HealthCare.gov fails to meet targets as uninsured ignore exchanges

ACA enrollment figures are far below gov. targets, while the exchanges are ignored by their primary target.

Life & Health

By

Nearly 27,000 Americans signed up for new health plans through HealthCare.gov in October, the Health and Human Services announced Wednesday. The state-led exchanges added another 79,000 individuals who picked qualified health plans, totaling about 106,000 Americans who will receive health coverage under Obamacare.

That’s only 2% of the federal government’s initial target of 500,000 enrollees during the first month of the ACA exchanges’ operation.

Assuming all 975,407 applicants the HHS said applied for coverage choose a plan, that covers just a little more than 2% of the country’s uninsured residents.

And it’s no wonder, considering that a November Gallup poll revealed only 18% of uninsured Americans—the chief target for the exchanges—have attempted to visit a marketplace site.

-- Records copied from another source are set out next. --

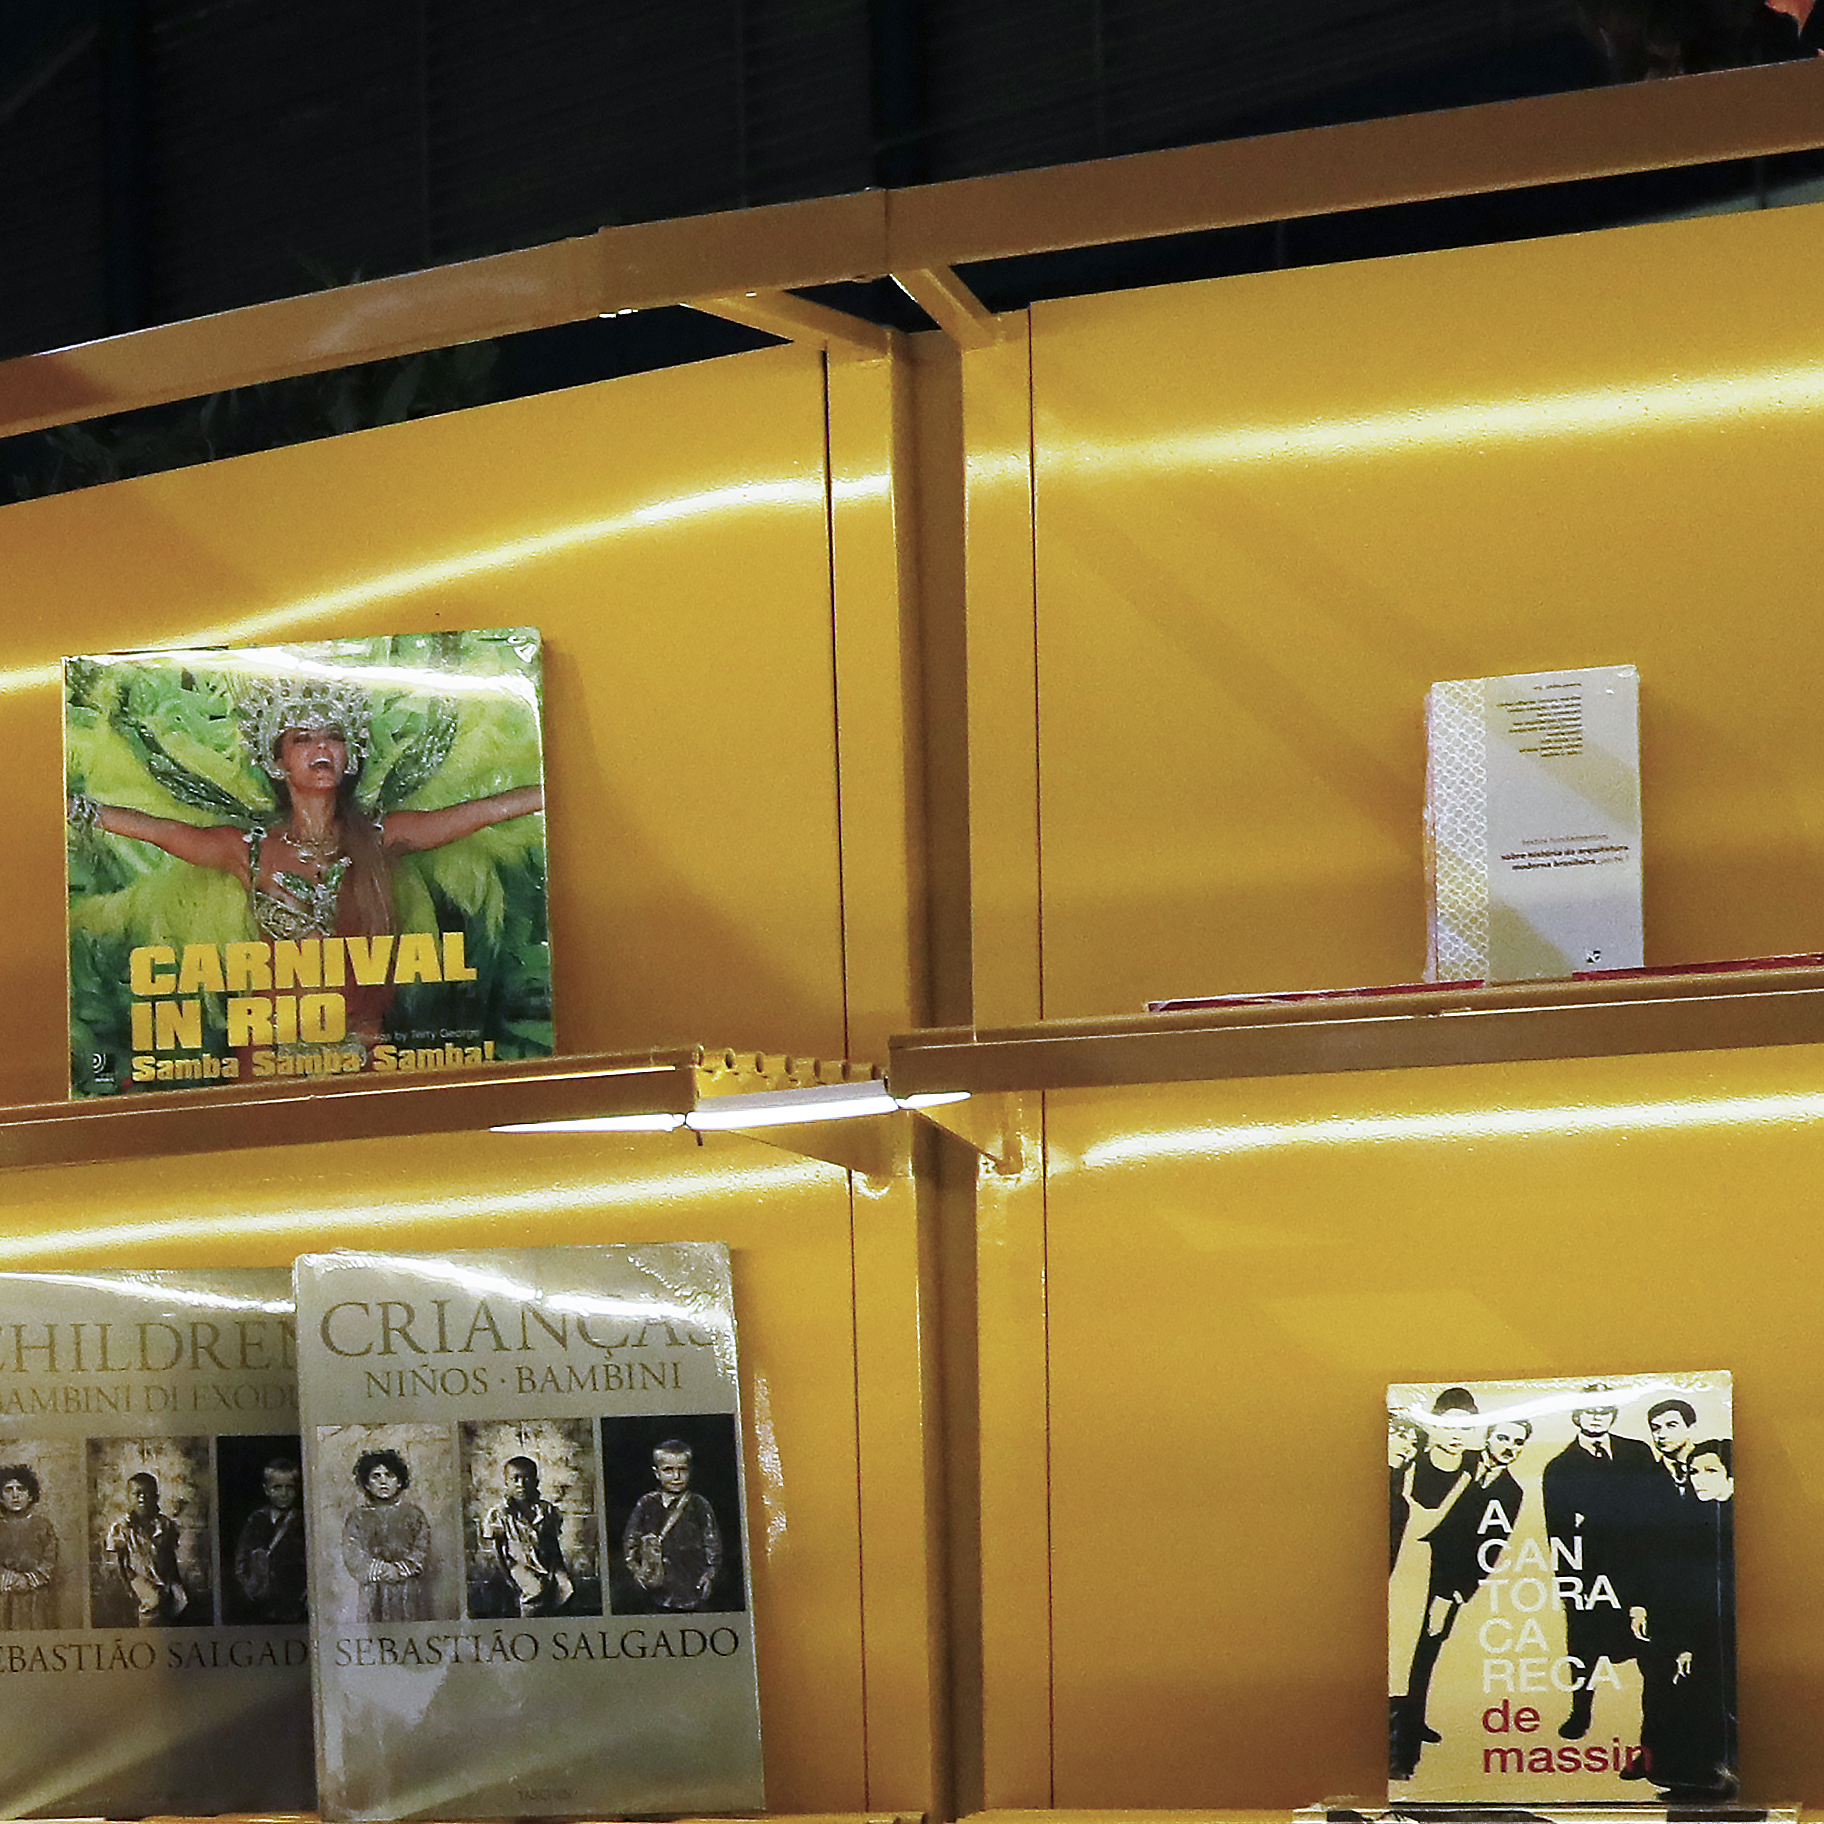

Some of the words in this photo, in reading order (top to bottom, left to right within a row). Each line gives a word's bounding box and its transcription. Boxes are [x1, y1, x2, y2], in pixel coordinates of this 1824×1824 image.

[129, 932, 476, 995] CARNIVAL
[130, 1000, 202, 1050] IN
[225, 993, 346, 1046] RIO
[132, 1052, 239, 1082] Samba
[252, 1049, 360, 1077] Samba
[373, 1040, 495, 1071] Samba!
[145, 1384, 179, 1411] DI
[366, 1363, 488, 1399] NIÑOS
[517, 1361, 682, 1396] BAMBINI
[1477, 1500, 1512, 1535] A
[1477, 1536, 1583, 1572] CAN
[1478, 1574, 1622, 1613] TORA
[335, 1629, 539, 1667] SEBASTIÃO
[552, 1627, 739, 1661] SALGADO
[1479, 1616, 1549, 1654] CA
[1483, 1656, 1622, 1694] RECA
[1482, 1698, 1540, 1734] de
[1483, 1736, 1651, 1774] massin

New Jersey producer Matthew Roy said he thinks these low numbers will continue, based on personal and anecdotal experience with HealthCare.gov.

“I think [the people who have started applications] are just lookers,” Roy said. “Everyone I’ve talked to that told me they got on is someone who is just curious and isn’t going to get on [an ACA plan].”

Kelly Fristoe of Texas-based Financial Partners agrees.

“If someone is uninsured and they’re healthy, I don’t see them very much concerned about paying a 1% penalty, which is usually the greater of $95 an adult,” he said. “That’s what we’re dealing with. That uninsured market is not going to flock to [ACA] insurance, especially with the bad press.”

Health and Human Services spokesperson Erin Shields Britt downplayed the disappointing enrollment numbers, however, saying that officials always expected the largest percentage of enrollees to arrive later, especially given widespread website malfunctions.

“We have always anticipated that initial enrollment numbers would be low and increase over time, just as was the experience in Massachusetts, where only 0.3%, or 123 people paying premiums, enrolled in the first month,” Shields Britt told the Wall Street Journal. “And, as we have said, the problems with the website will cause the numbers to be lower than initial anticipated.”

Shields Britt may be right. The same Gallup poll reported that while low numbers of uninsured Americans have visited an exchange site, a further 22% say they plan to purchase ACA coverage eventually.

“It may be that many uninsured Americans are waiting to try out the health exchange websites until their highly publicized problems are fixed, or they may simply be putting off decisions about getting insurance until later,” Gallup said.